╭─ Task input

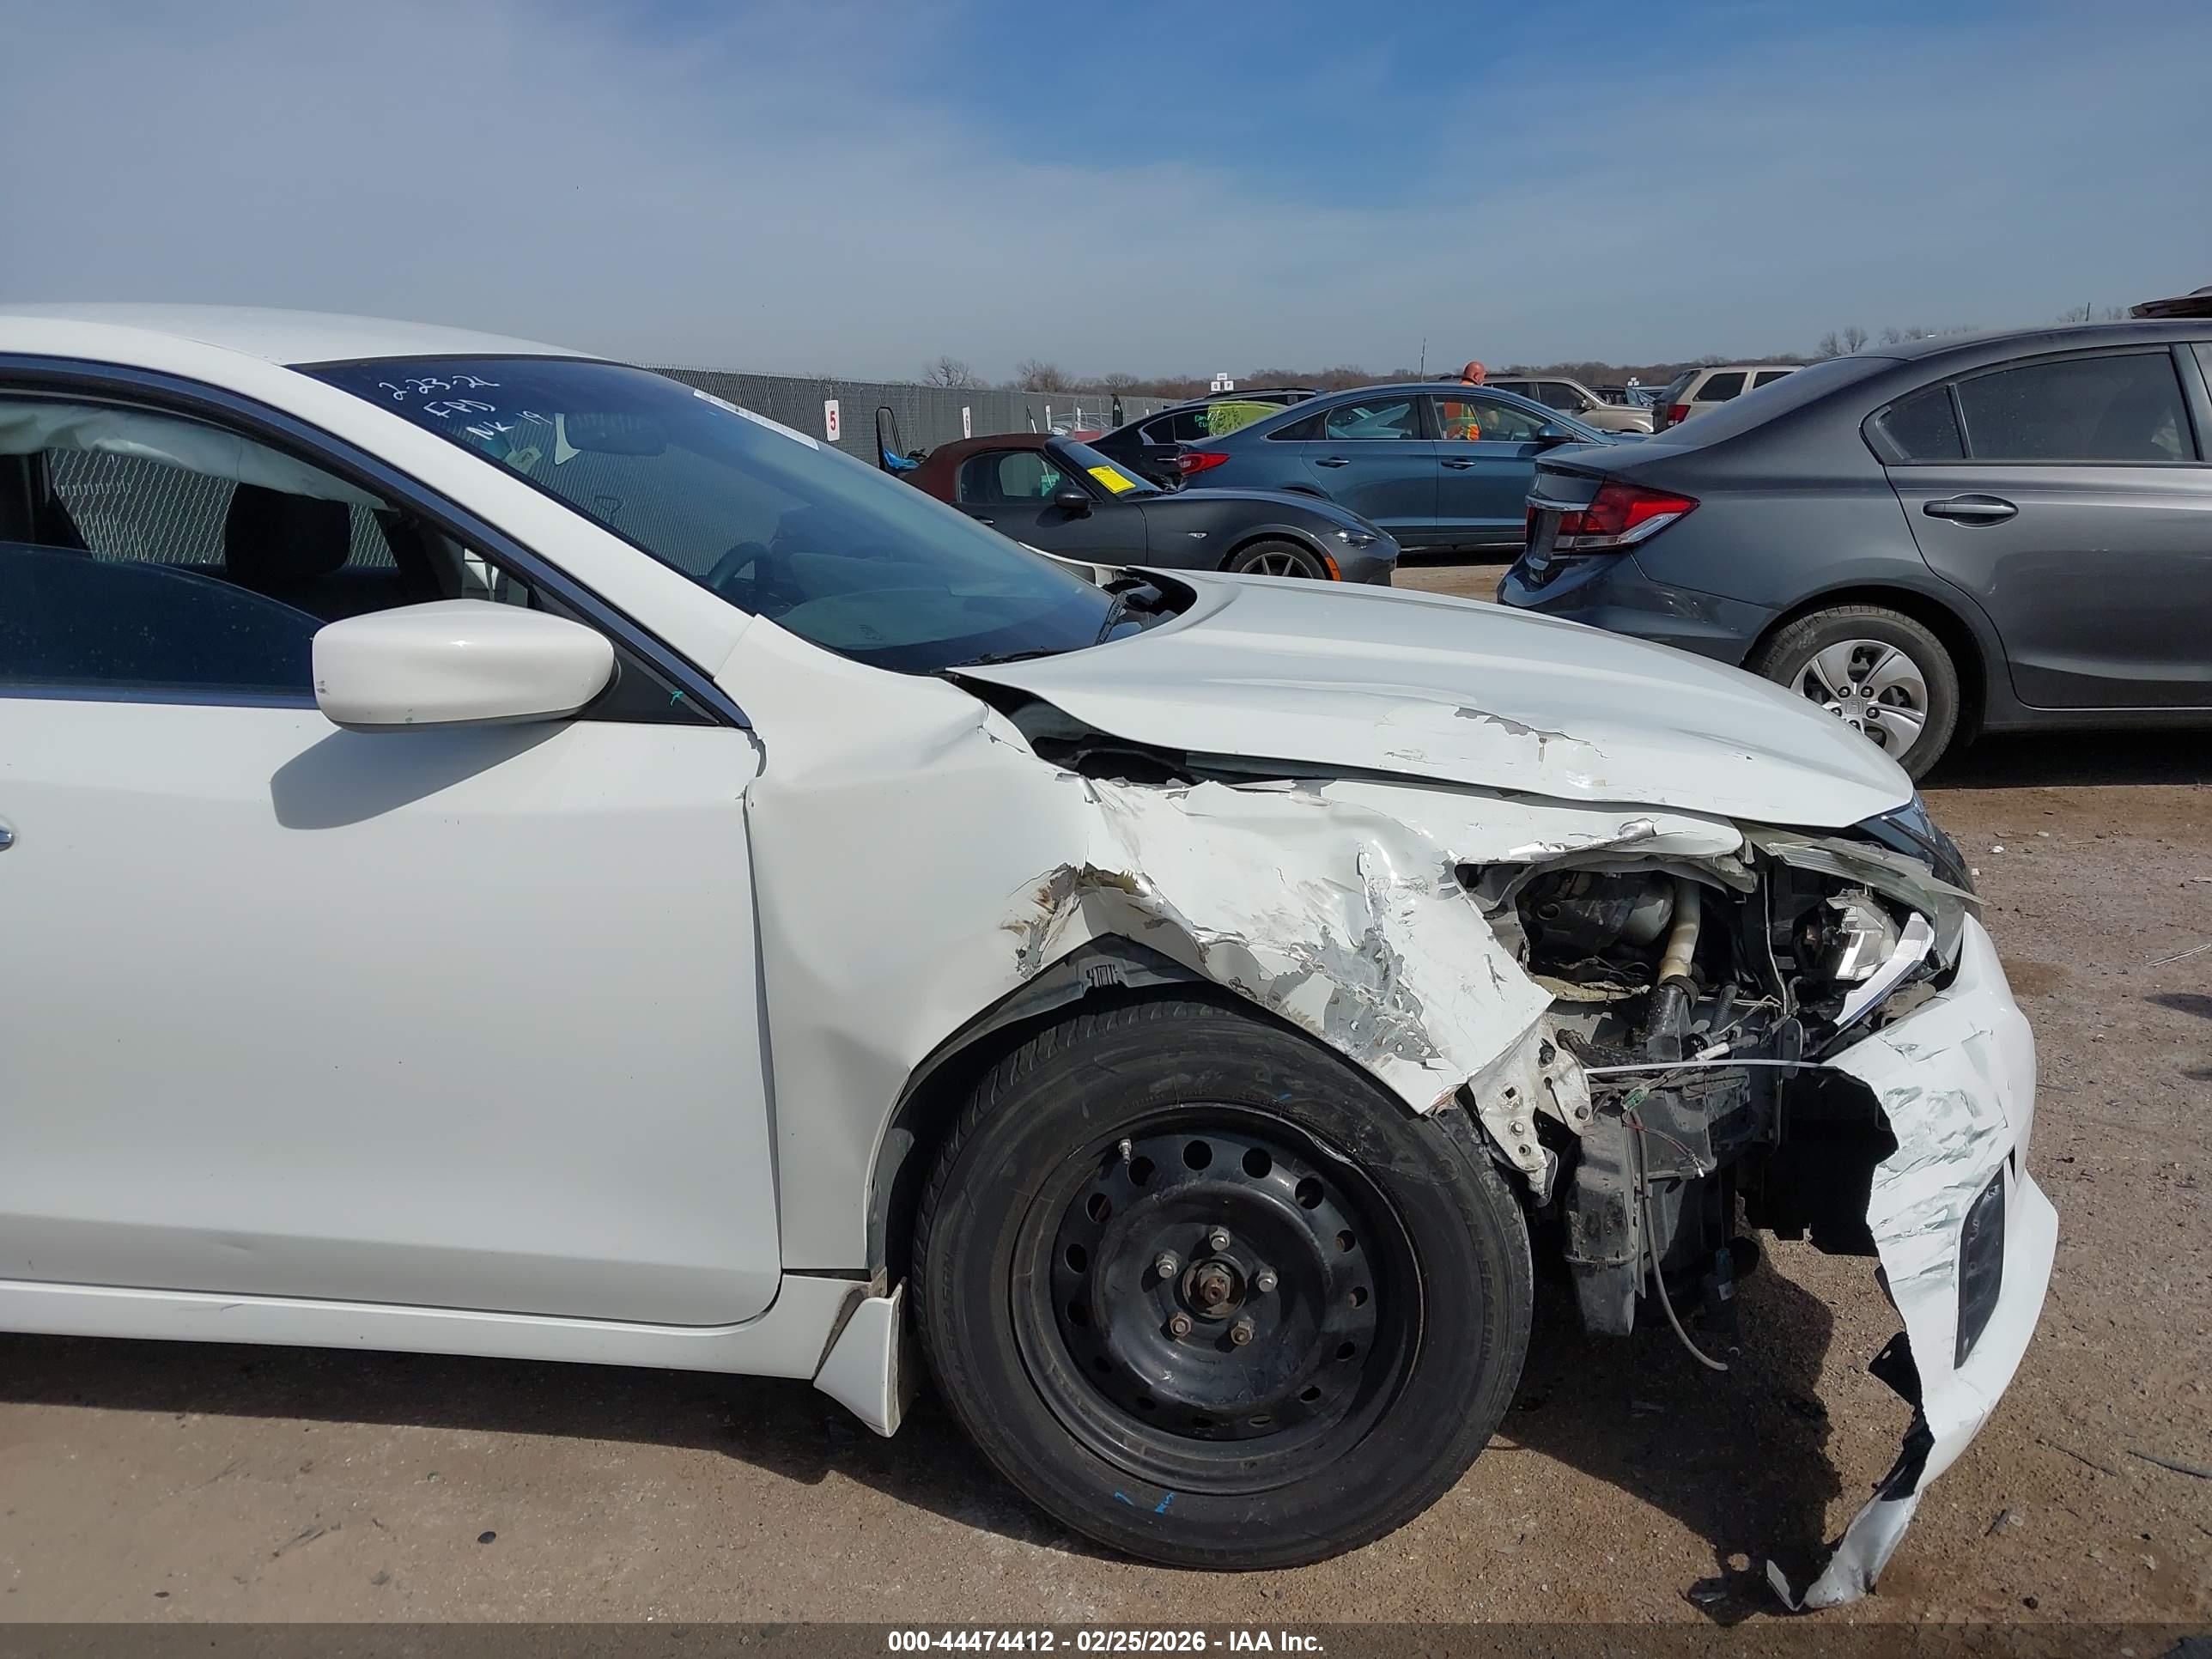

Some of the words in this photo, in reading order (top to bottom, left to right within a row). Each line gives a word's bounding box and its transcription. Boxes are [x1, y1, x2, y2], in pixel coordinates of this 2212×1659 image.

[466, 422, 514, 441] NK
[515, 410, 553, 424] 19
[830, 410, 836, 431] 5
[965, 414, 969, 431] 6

╰─

▶ **What to work on**
Leave nothing out but the pictures when transcribing the records.

▶ **Response area**
Some of the words in this photo, in reading order (top to bottom, left to right within a row). Each line gives a word's bounding box and its transcription. Boxes are [x1, y1, x2, y2], in pixel coordinates of this 2212×1659 image.

[466, 422, 514, 441] NK
[515, 410, 553, 424] 19
[830, 410, 836, 431] 5
[965, 414, 969, 431] 6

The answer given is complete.